Somali authorities enforced tight security on Thursday for the first direct elections in the Mogadishu region in nearly six decades, though opposition leaders largely boycotted the vote.
Around 10,000 security personnel were deployed, and the city airport was closed as voters turned out for an election seen as a key test ahead of next year’s presidential ballot. Somalia continues to grapple with decades of conflict, an Islamist insurgency, and recurring natural disasters.
AFP correspondents reported long queues at polling stations in the morning, which thinned significantly by early afternoon. Election commission chief Abdikarin Ahmed Hassan said all stations had closed without incident at 1500 GMT, adding that the counting process would begin “soon” but did not specify when results would be announced.
“This is a great day,” said 37-year-old Guhad Ali, showing the ink on his finger as proof of voting. Ali Salad, 51, added that he had queued for hours to cast his ballot.
Universal suffrage was abolished after Siad Barre came to power in 1969. Since the collapse of his authoritarian regime in 1991, Somalia’s political system has operated under a clan-based framework.
Authorities have battled Al-Shabaab fighters linked to Al-Qaeda since 2006. Security has improved in Mogadishu, though violent incidents persist just 60 kilometres (40 miles) outside the capital, including attacks on the president’s convoy, missile fire near the international airport, and an assault on a detention centre over the past year.

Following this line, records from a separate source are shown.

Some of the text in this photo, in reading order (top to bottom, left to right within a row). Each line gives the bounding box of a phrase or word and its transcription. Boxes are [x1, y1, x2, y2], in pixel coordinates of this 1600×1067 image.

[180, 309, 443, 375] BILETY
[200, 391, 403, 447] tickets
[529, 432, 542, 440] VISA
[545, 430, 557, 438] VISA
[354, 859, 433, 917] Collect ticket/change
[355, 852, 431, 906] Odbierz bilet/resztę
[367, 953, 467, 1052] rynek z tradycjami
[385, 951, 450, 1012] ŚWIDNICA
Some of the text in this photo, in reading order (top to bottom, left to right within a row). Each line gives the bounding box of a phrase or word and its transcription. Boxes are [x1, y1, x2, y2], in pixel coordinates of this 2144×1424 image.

More than 1,600 candidates are contesting 390 local council seats in the southeastern Banadir region, where Mogadishu is located. President Hassan Sheikh Mohamud hailed the election as “the future of the Somali people.”
However, the Somali Future coalition and several federal states have criticised the vote, claiming it is a power grab by the central government. Former Prime Minister Hassan Ali Kheire, a coalition member, said the government “orchestrated the election to extend the president’s mandate,” warning that “this is not going to be accepted.”
Although direct elections were abolished nearly 60 years ago, Somaliland in the north and Puntland previously conducted similar polls. Puntland held direct local elections in 2023 but returned to indirect voting in January 2025. This year’s vote had already been postponed three times.
The political strain heightens concerns ahead of the 2026 national elections, when parliament’s mandate ends in April and the president’s term concludes in May. The International Crisis Group warned in September that efforts to replace clan-based voting with direct elections “could plunge the country back into turmoil if leaders fail to compromise.”
Opposition groups have also threatened to organise a rival presidential vote if the federal government proceeds with direct elections next year.